Consequently, I was delighted some time go to learn that we were to have a new national publication, to be called ‘The Scottish Catholic’.
Perhaps best of all, in my view, was that this would be a monthly publication in magazine format, quite different to a weekly newspaper. The magazine idea was something new and this appealed to me. It also made it likely that the content would be both considered and carefully curated – not always possible when the pages need to be filled week after week.
One day I was contacted by the magazine editor, Ian Dunn, and asked to consider submitting some of my writing. I don’t know for sure where he got my name, though I have a suspicion it was from a friend of mine, who had himself contributed an interview to the publication. I did submit an article and it was very kindly published, as were a few more after that. I wrote about the Liturgy of the Hours in “A Life Changing Liturgy”; about sanctity in “The Saints Next Door“; and about the spiritual life in “Prayer And Perseverance”. And I was in good company, as there were a number of very good articles spread across the issues of the magazine which I read, all of it very beautifully published.
All of this made it the more saddening to learn today that The Scottish Catholic will no longer be published. As the Editor noted in the email sent today – “The most recent print edition of the Scottish Catholic will be the last in that format.” He went on to explain –
“We didn’t know then that in the aftermath of the pandemic Catholic Mass attendance in Scotland would drop by nearly 50%. We didn’t know that inflation would drive the cost of paper and transport far beyond anything we’d budgeted for. And we didn’t realise how much the culture and habits of Catholics in Scotland had changed, making a broad Church, see-all-sides print publication a tougher sell than we hoped.”
In large part, I suppose this reflects what is happening in other areas and is a comment on just how much the world has really changed over the last three years, as all of us are realising in so many different ways and especially financially in the dramatic increases to the costs of energy and food.

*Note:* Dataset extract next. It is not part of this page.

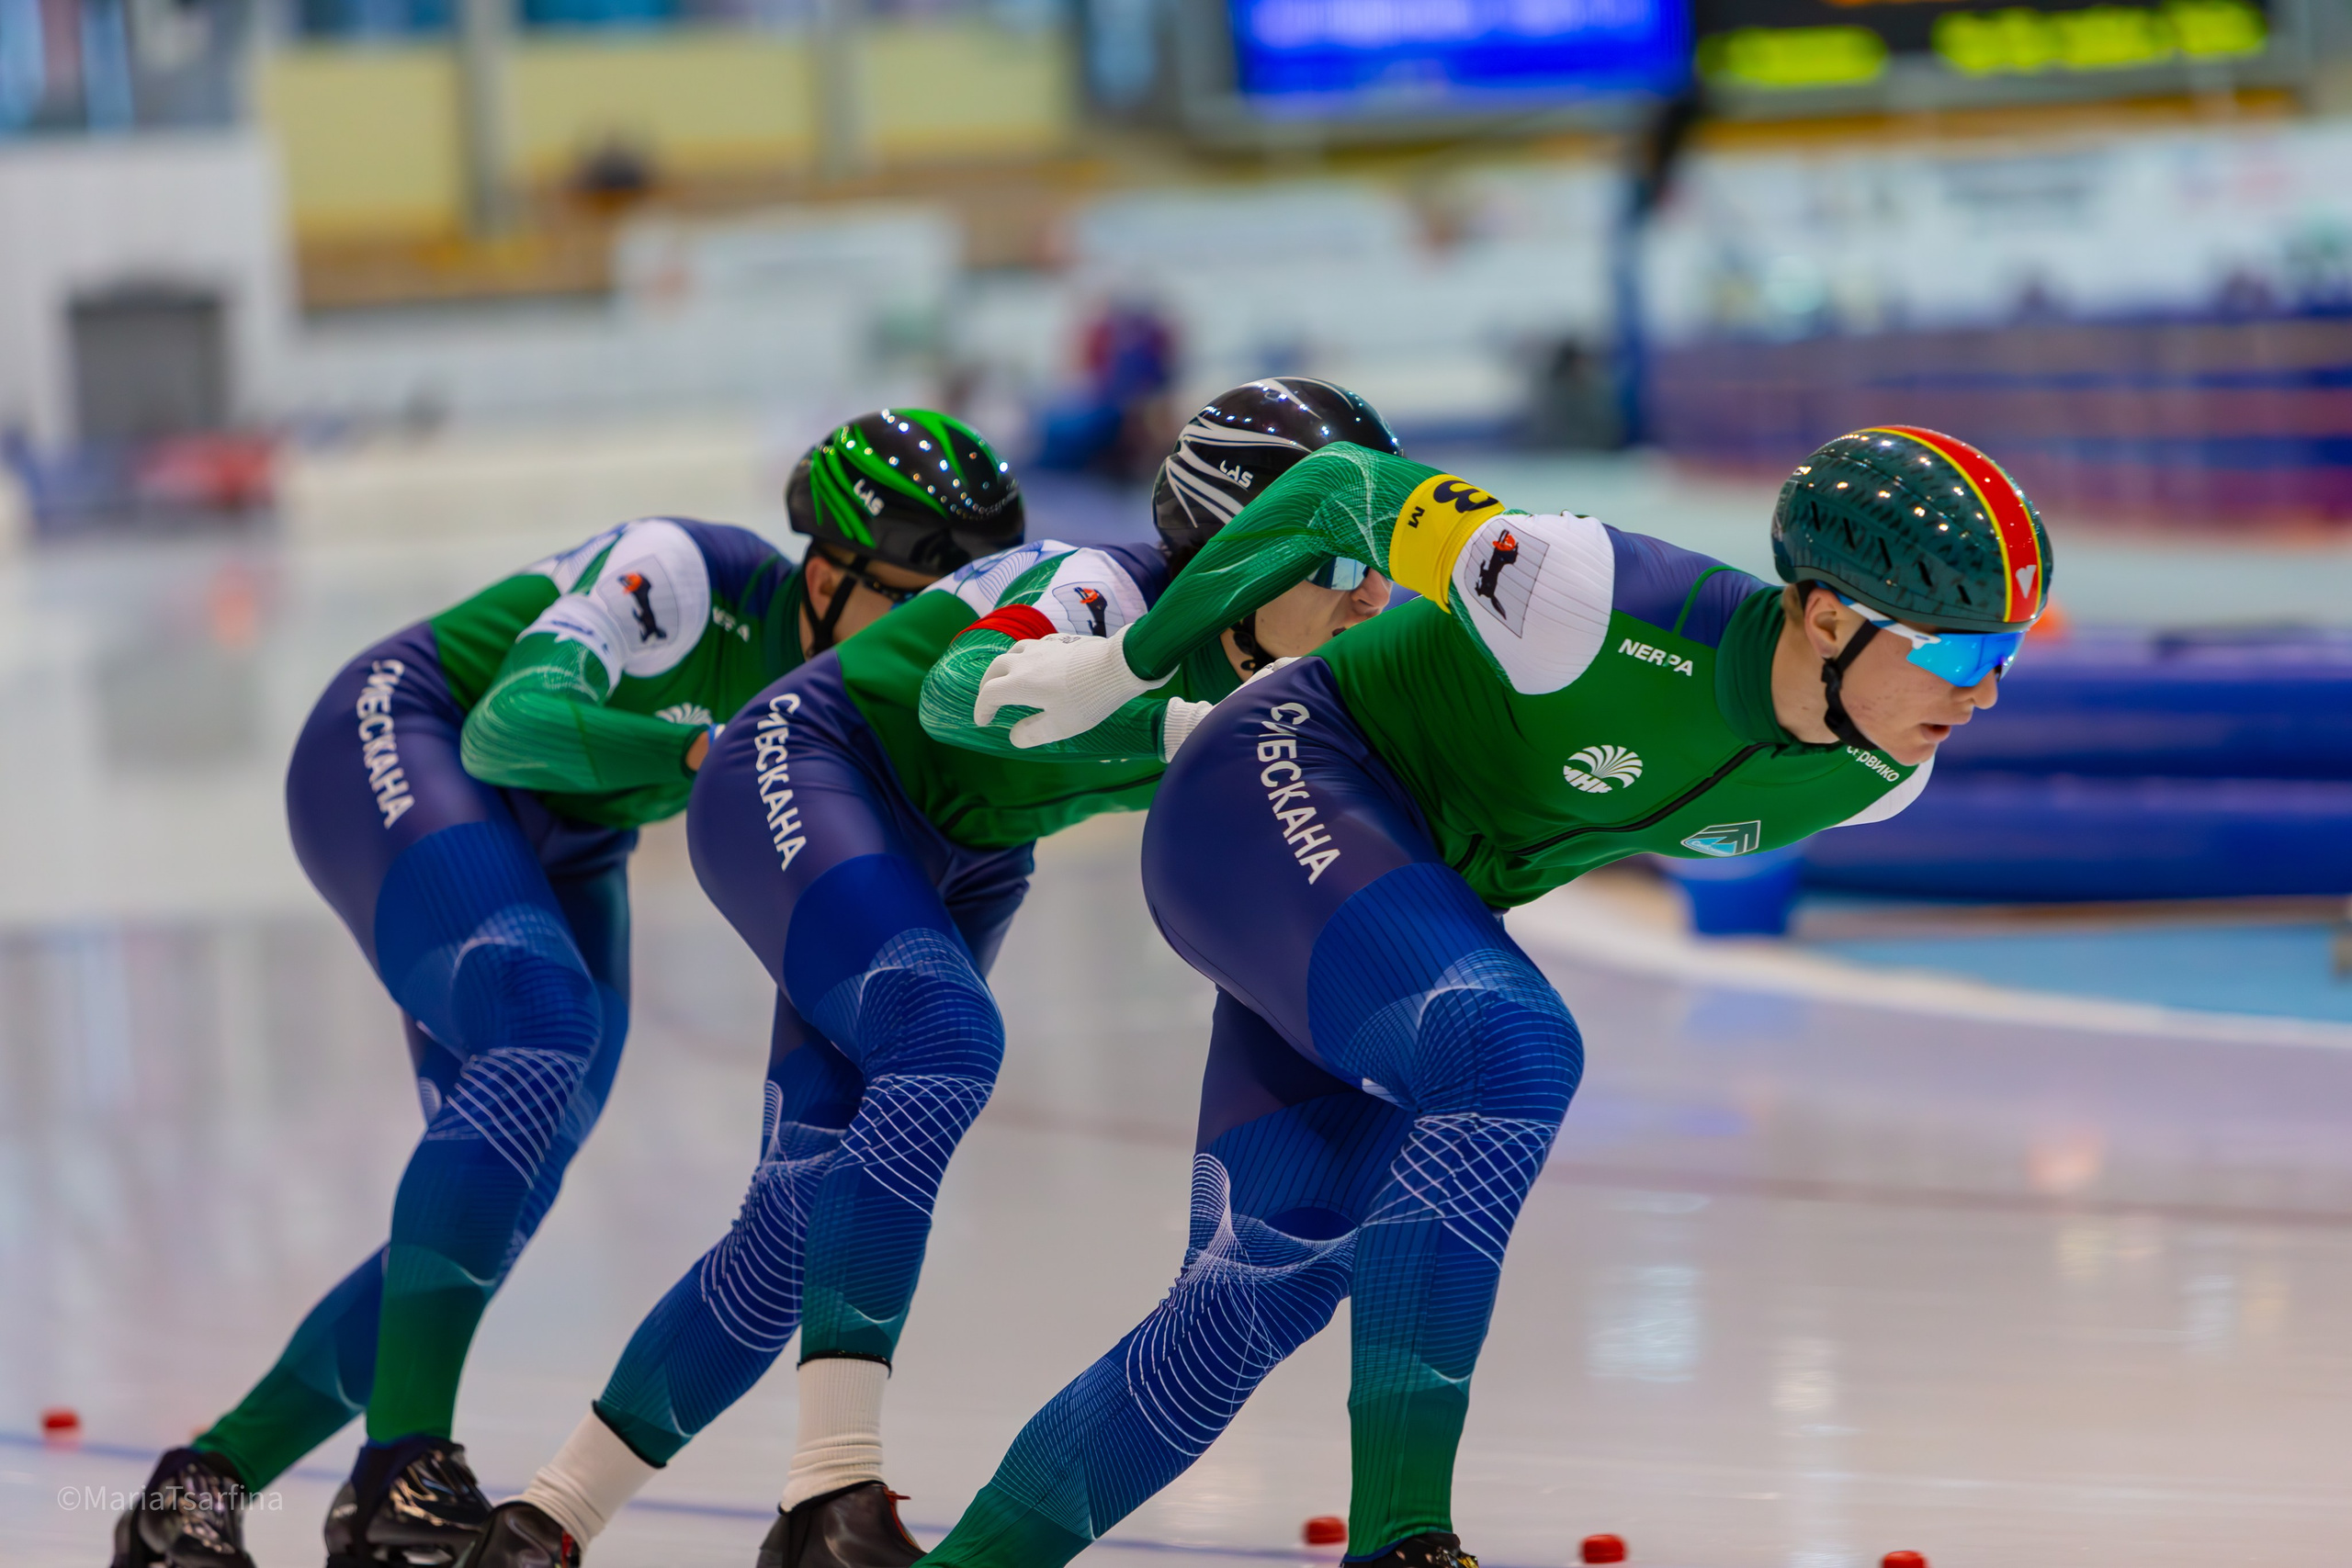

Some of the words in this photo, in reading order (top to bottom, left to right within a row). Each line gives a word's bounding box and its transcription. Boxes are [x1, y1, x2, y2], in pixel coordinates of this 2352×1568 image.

[1219, 459, 1253, 489] LAS
[1618, 637, 1693, 677] NERPA
[1257, 702, 1340, 886] СИБСКАНА

But I stopped at that final reason given – “how much the culture and habits of Catholics in Scotland had changed, making a broad Church, see-all-sides print publication a tougher sell than we hoped”. For Catholics specifically, this ought to make us wonder. I wondered just what this change of ‘culture and habits’ referred to, since it seemed to be something other than just the massive reduction on the numbers of people attending Mass each week – although this in itself would, I am certain, make the potential market for such a publication difficult at best.
Something is changing dramatically in the Church today – in Scotland, certainly, but also in a great many other places. What the Church ‘is’ and what the Church ‘means’ to people is simply not what it was or what it meant to people as recently as just a couple of years back. It is different. It is very different.
But I’m not sure the Church itself has realised this – and if it has, then it is not wiling to admit it. Despite this, the lay members of the Church – those who are left – can see it all too clearly. The Holy Spirit guides us, too.
I don’t think anyone can really doubt that the Church – like the world itself – is experiencing a moment of tremendous change. I am inclined to think of it more as a precipitous moment of change. I think this is perhaps the clearest of the ‘signs of the times’ that we could have. It almost has a sense of the Book of Revelation, which speaks of ‘the former things passing away’. Dramatic though that sounds, I can’t help thinking there is more than a fragment of truth there.
As humans, we don’t like change. We like routine and recognition. We like to know where we are and we very much like familiarity. Yet in these moments of human history, we seem to have none of these, none of the certainty we once enjoyed. And the cessation of a Catholic magazine as a monthly publication seems to be just the latest reminder that this is so.
Regardless of our disinclination for anything other than what we know, here we are, and with no option except to get used to the ‘new now’.
To Ian and to all those who worked so tirelessly to produce a really decent magazine – thank you. And I look forward to seeing what you go on to do next.